Today, I was led by an angel to the chasm of hell. It is a place of great torture; how awesomely large and extensive it is! The kinds of tortures that I saw; the first torture that constitutes hell is the loss of God; the second is perpetual remorse of conscience; the third is that one’s condition will never change; the fourth is the fire that will penetrate the soul without destroying it — a terrible suffering, since it is a purely spiritual fire, lit by God’s anger; the fifth torture is continual darkness, and a terrible, suffocating smell, and despite the darkness, the devil and the souls of the damned see each other and all the evil, both of others and of their own; the sixth torture is the constant company of Satan; the seventh torture is horrible despair, hatred of God, vile words, curses and blasphemies. These are the tortures suffered by all the damned together, but that is not the end of their sufferings. There are special tortures destined for particular souls. These are the torments of the senses. Each soul undergoes terrible and indescribable sufferings, related to the manner in which it has sinned. There are caverns and pits of torture where one form of agony differs from another. I would have died at the very sight of these tortures if the omnipotence of God had not supported me. Let the sinner know that he will be tortured throughout all eternity, in those senses which he made use of to sin. I am writing this at the command of God, so that no soul may find an excuse by saying there is no hell, or that nobody has ever been there, and so no one can say what it is like.
Just curious - Do the writings of St. Faustina have the same weight as Scripture to you? I am not trying to be contrary but trying to lean more about other people’s beliefs. Thnx:)
 
Yes, this is the official teaching of the Catholic Church and no can deny it Truth, as revealed by God Himself.

May God bless you abundantly and forever! 🙂
Cool! (no pun intended) I would prefer this version of Hell that you quote because it demonstrates the most ethical view of God when compared to all the other versions of hell, especially eternal torture by fire.
 
Either way eternal torture is still eternal torture.

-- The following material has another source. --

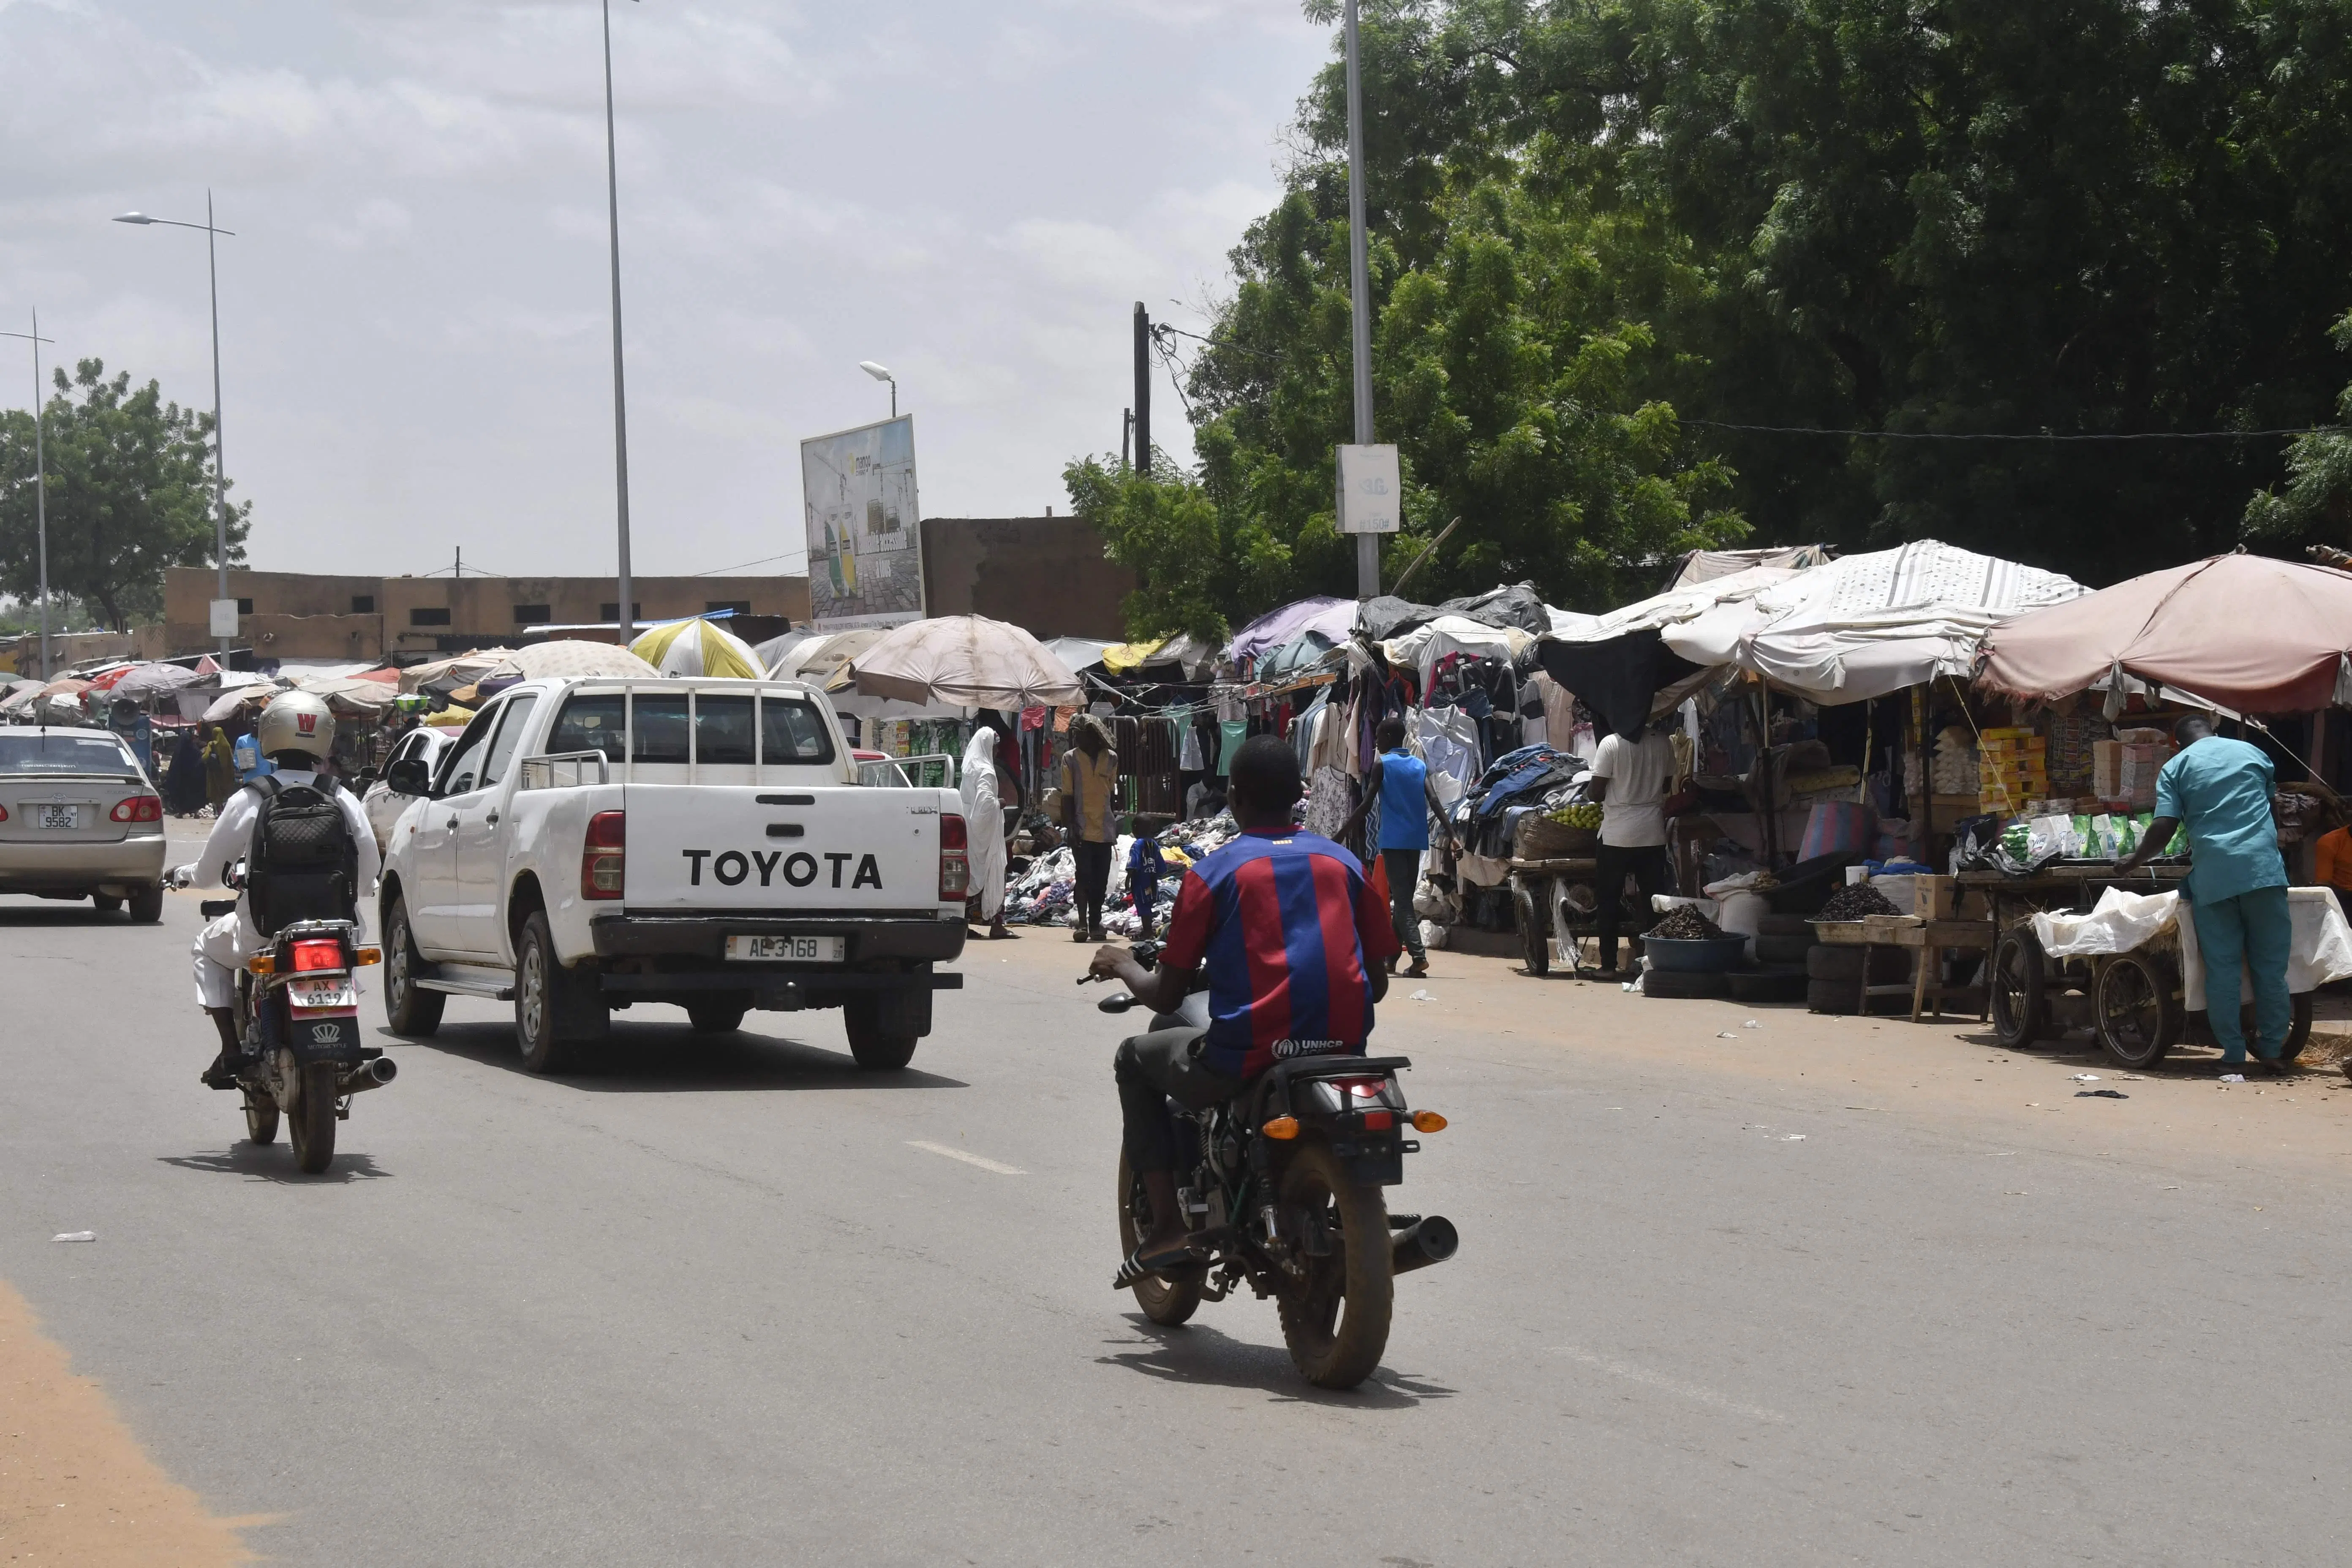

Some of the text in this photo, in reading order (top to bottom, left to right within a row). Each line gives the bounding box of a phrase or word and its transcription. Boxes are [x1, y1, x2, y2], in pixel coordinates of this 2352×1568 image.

Do you really believe God would send one of his created beings there knowing that they will be tortured forever.
God does not send them there, the choose it themselves in their rejection of God.

God gave us free will, and, by definition, it means that there is a free choice, and those choices do have repercussions, either positive or negative.
 
Cool! (no pun intended) I would prefer this version of Hell that you quote because it demonstrates the most ethical view of God when compared to all the other versions of hell, especially eternal torture by fire.
Does it mean that the suffering is somehow less intense, or not eternal?